**BRIEF:** Print every entry exactly as it appears, but skip the pictures.

(DATASET CONTENT begins)

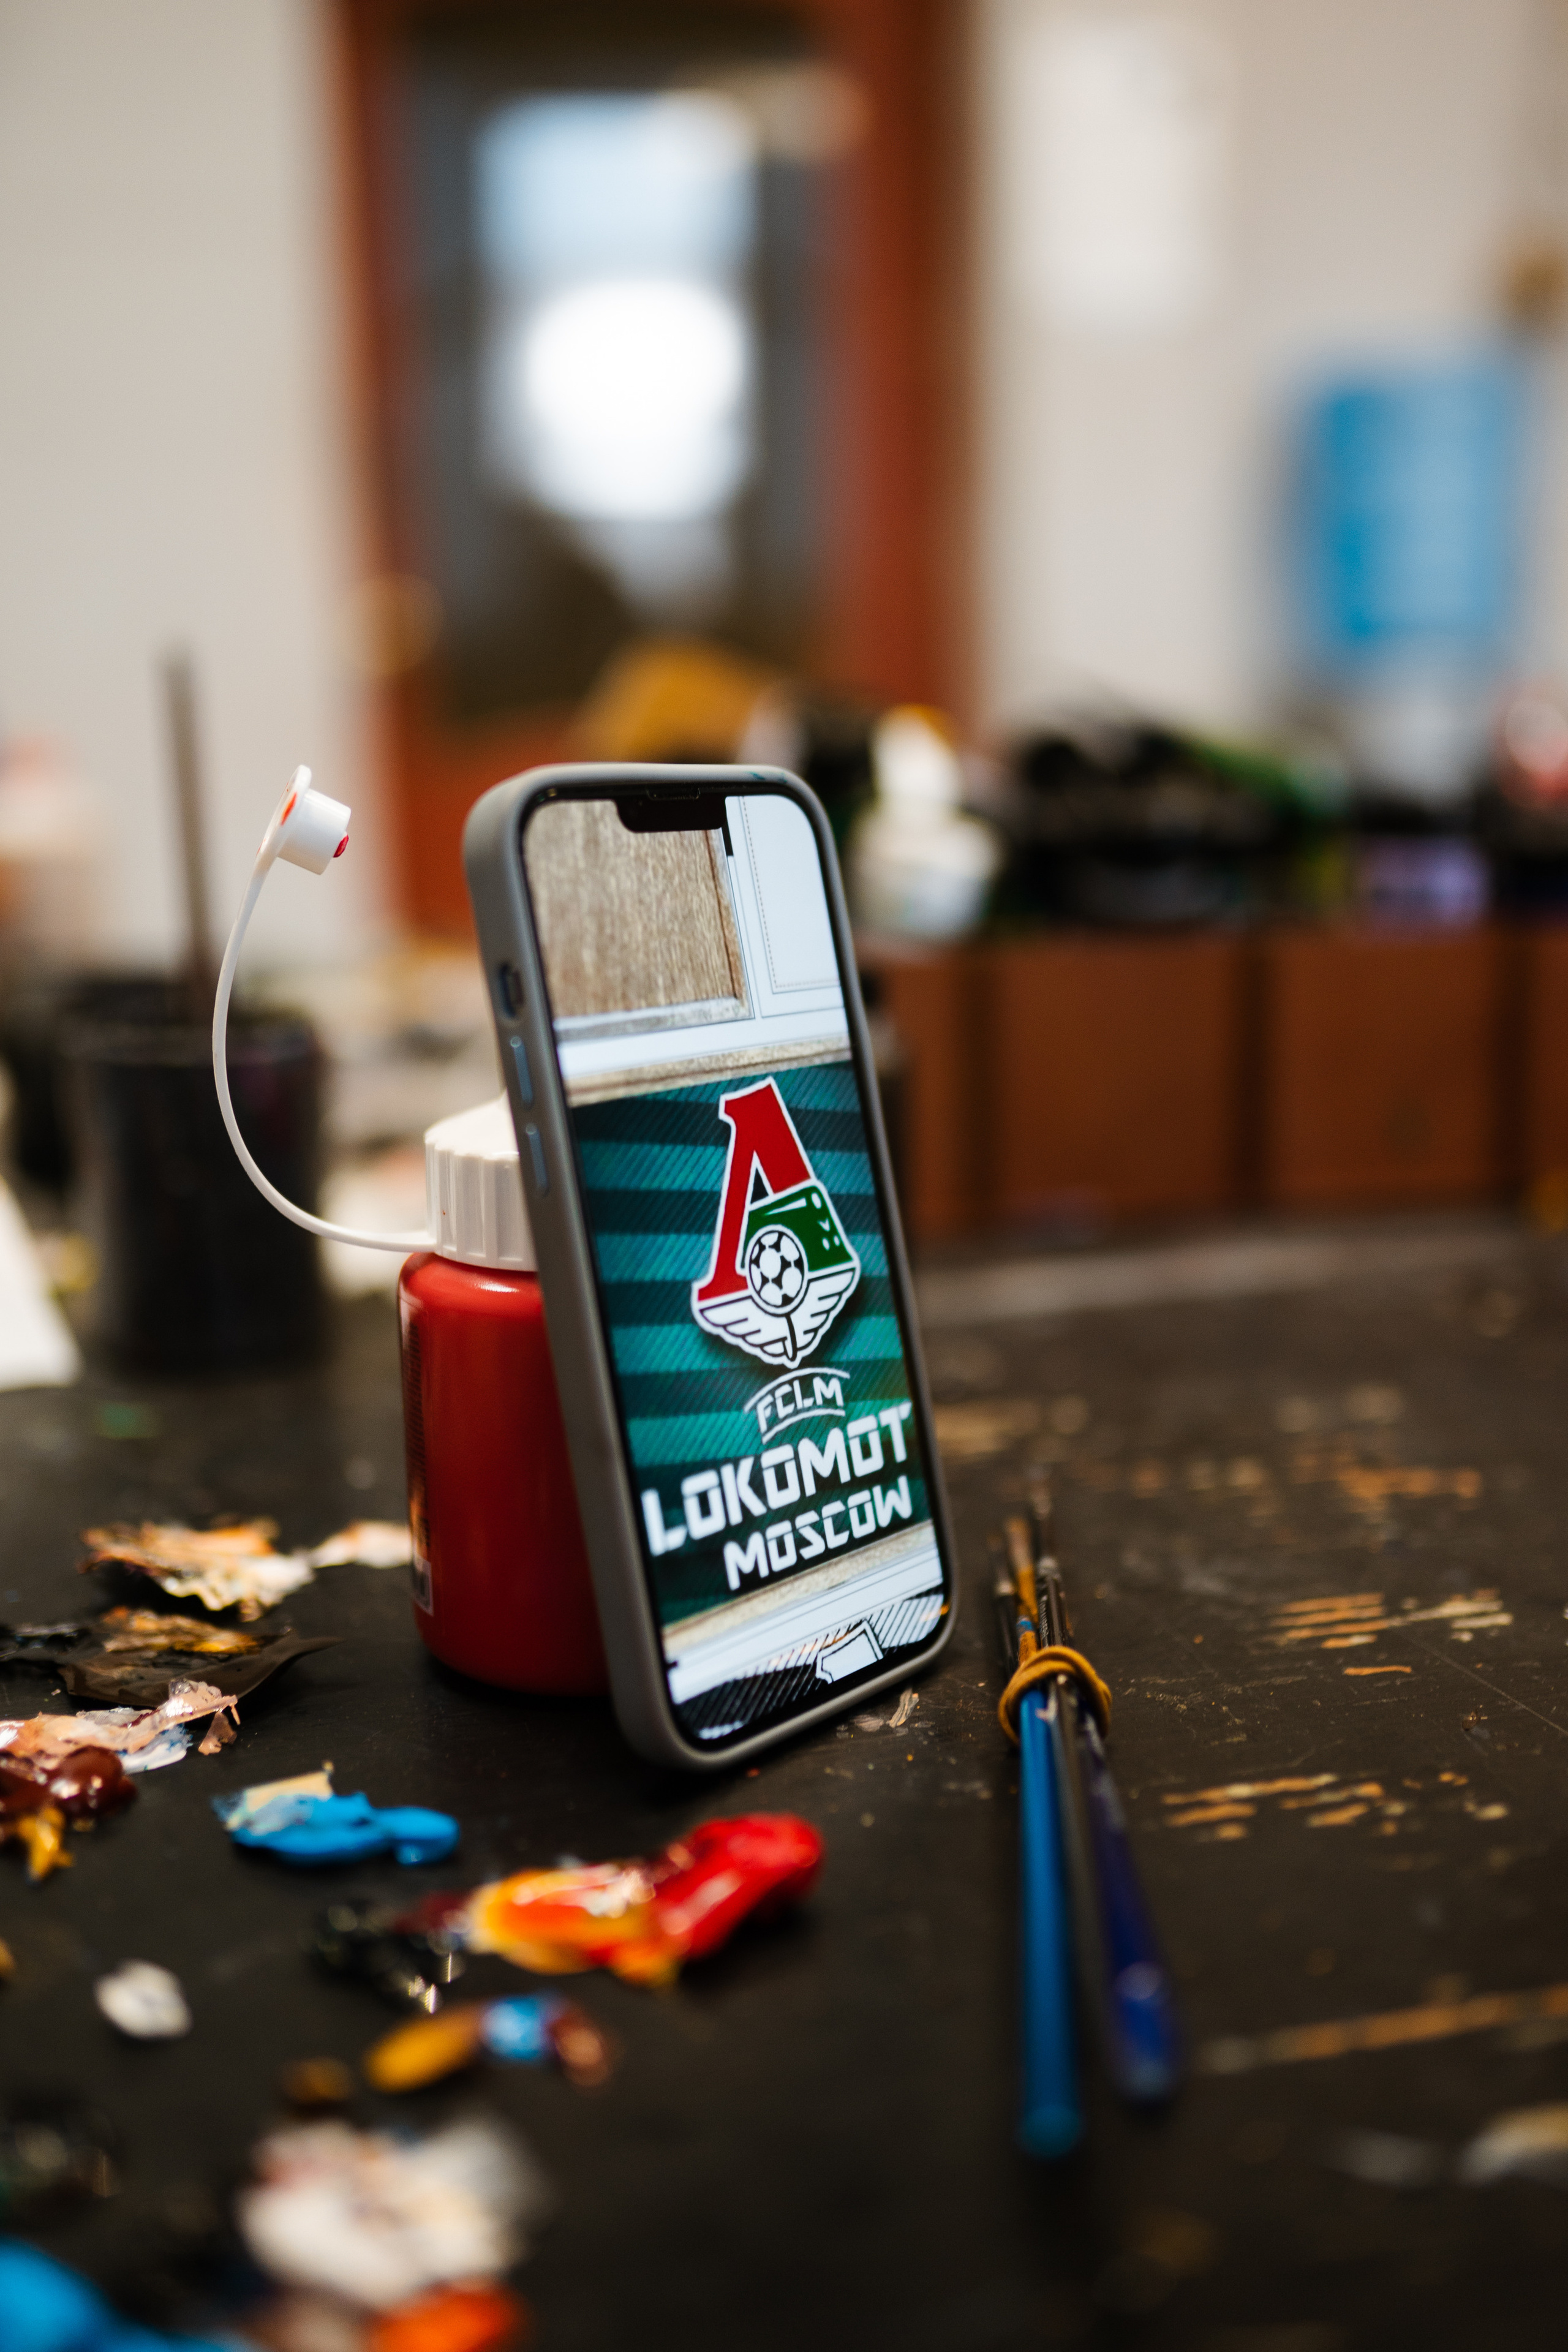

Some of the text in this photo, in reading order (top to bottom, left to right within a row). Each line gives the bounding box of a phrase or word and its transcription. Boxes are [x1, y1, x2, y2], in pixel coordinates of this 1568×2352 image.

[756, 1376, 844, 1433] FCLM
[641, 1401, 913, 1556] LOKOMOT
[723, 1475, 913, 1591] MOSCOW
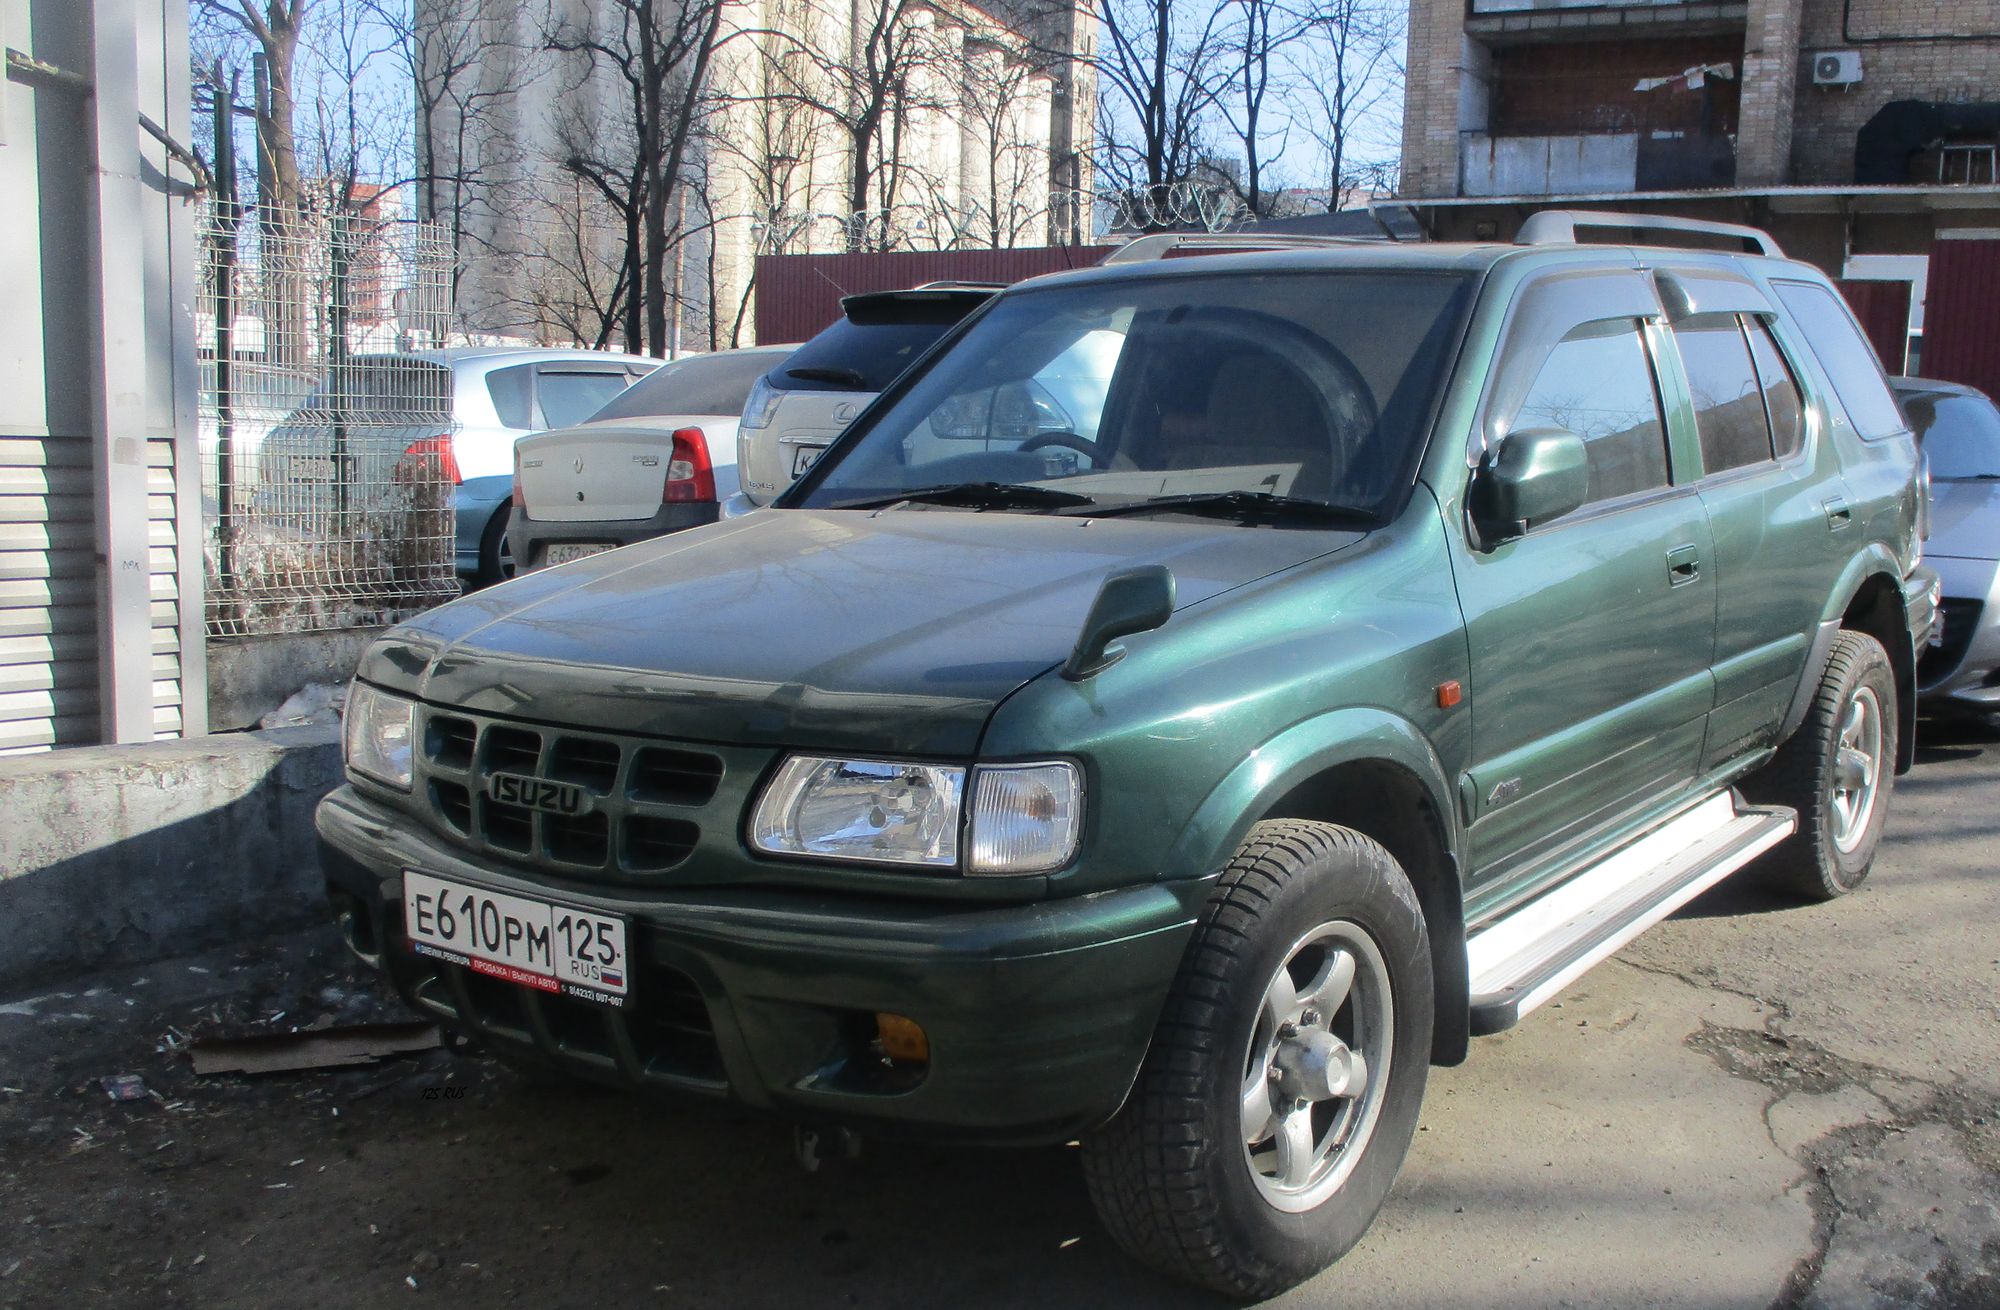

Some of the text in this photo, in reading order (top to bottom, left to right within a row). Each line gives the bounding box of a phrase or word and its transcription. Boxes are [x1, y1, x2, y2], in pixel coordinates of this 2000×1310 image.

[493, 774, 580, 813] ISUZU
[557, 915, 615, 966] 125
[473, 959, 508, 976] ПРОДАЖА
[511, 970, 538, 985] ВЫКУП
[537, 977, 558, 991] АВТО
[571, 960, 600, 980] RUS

(DATASET CONTENT ends)

**COMPLETED TASK:**
Some of the text in this photo, in reading order (top to bottom, left to right within a row). Each line gives the bounding box of a phrase or word and its transcription. Boxes are [x1, y1, x2, y2], in pixel coordinates of this 1568×2352 image.

[756, 1376, 844, 1433] FCLM
[641, 1401, 913, 1556] LOKOMOT
[723, 1475, 913, 1591] MOSCOW

Some of the text in this photo, in reading order (top to bottom, left to right within a row). Each line gives the bounding box of a phrase or word and its transcription. Boxes are [x1, y1, x2, y2], in pixel coordinates of this 2000×1310 image.

[493, 774, 580, 813] ISUZU
[557, 915, 615, 966] 125
[473, 959, 508, 976] ПРОДАЖА
[511, 970, 538, 985] ВЫКУП
[537, 977, 558, 991] АВТО
[571, 960, 600, 980] RUS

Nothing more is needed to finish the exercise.